This is a great and exciting time for research into the brain benefits of exercise – both strength and aerobic training are proving to have a myriad of both short and long-term brain health benefits.
And every single study concludes the same way: “We need more research to understand the underlying neurobiology.”
But who is ‘we’?
We don’t need more research. They need more research.
We, the public and fitness professionals, have enough research to act.
They, the neuroscientists, need more research because science seeks certainty.
The rest of us don’t. We don’t need to hit the bullseye on the dartboard. We just need to make sure our darts are landing on the dartboard and not on the wall opposite the dartboard.
As a 25-year fitness professional, from day one it’s been put front and center that I must stay within my scope of practice (as all professionals do).

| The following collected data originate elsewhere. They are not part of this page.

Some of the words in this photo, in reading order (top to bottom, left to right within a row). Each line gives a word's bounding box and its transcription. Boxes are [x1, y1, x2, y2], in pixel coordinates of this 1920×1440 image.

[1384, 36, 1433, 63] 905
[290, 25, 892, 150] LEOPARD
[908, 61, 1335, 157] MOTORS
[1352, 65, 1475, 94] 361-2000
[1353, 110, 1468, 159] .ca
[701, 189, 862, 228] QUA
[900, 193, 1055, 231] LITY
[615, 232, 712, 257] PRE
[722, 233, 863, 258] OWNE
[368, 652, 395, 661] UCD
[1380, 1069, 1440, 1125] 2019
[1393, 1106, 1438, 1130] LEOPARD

This means as a fitness professional I cannot offer medical advice or go beyond the perfectly appropriate general nutrition guidance and offer full meal plans or specif exactly what a client should eat or recommend supplements, etc.
But, scope-of-practice cuts both ways.
As fitness professionals, we don’t need to be neuroscientists (and we aren’t allowed to try). So for us, we don’t need more research. There are too many people in presentations, webinars, and podcasts to fitness professionals offering cautionary “we need more research” comments to fitness professionals regarding all manner of topics.

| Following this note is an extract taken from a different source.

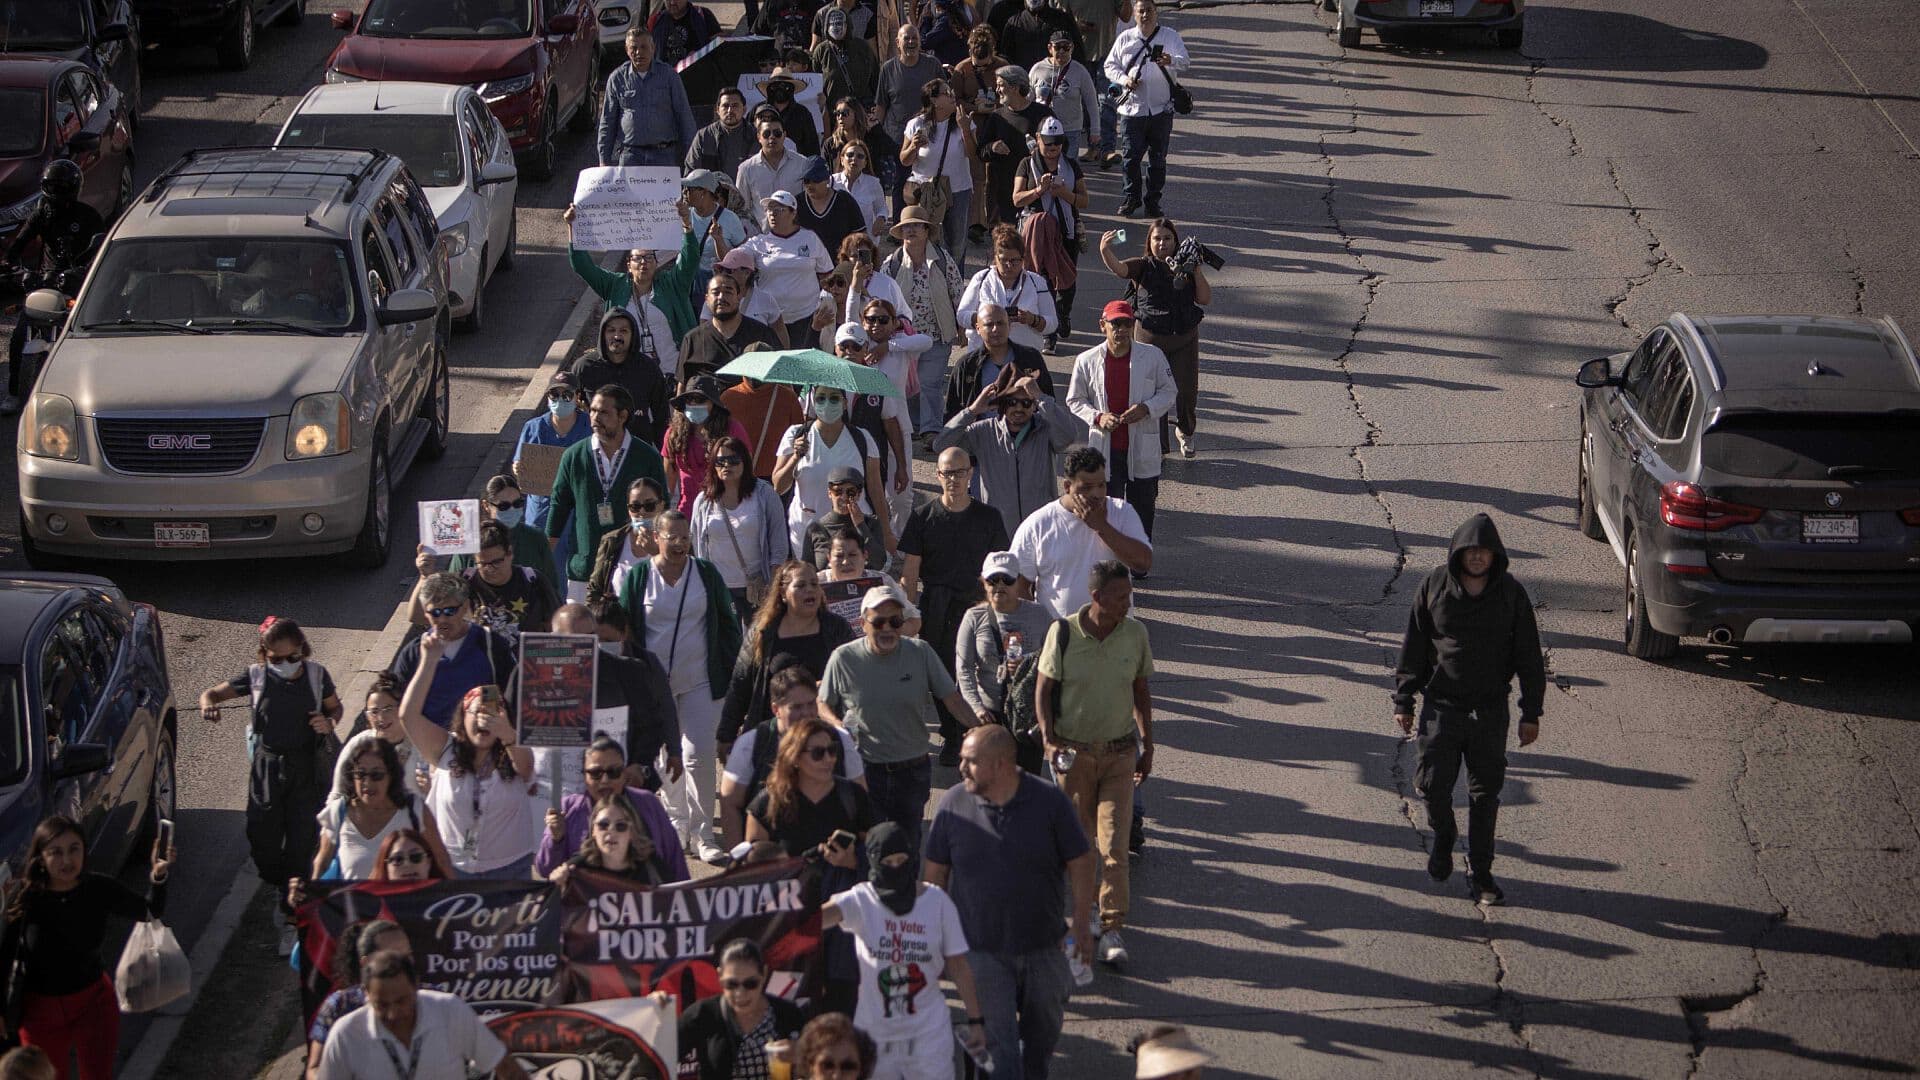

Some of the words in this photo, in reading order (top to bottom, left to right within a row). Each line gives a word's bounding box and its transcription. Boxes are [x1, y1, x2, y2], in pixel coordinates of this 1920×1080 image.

Presenters and speakers, stay within your scope-of-practice and stop wagging your fingers at us that we “need more research.” Staying within our scope-of-practice means we shouldn’t try to be scientists so stop telling us to.
When it comes brain health and fitness, we don’t need to know the underlying neurobiological mechanisms of how fitness improves brain health, we just need to know that they do.
When the neuroscientists figure out the why and how, I’ll be excited to find out. But I and other fitness professionals don’t need to wait for that day to come to have a meaningful and noticeable positive impact on the lives of those we serve.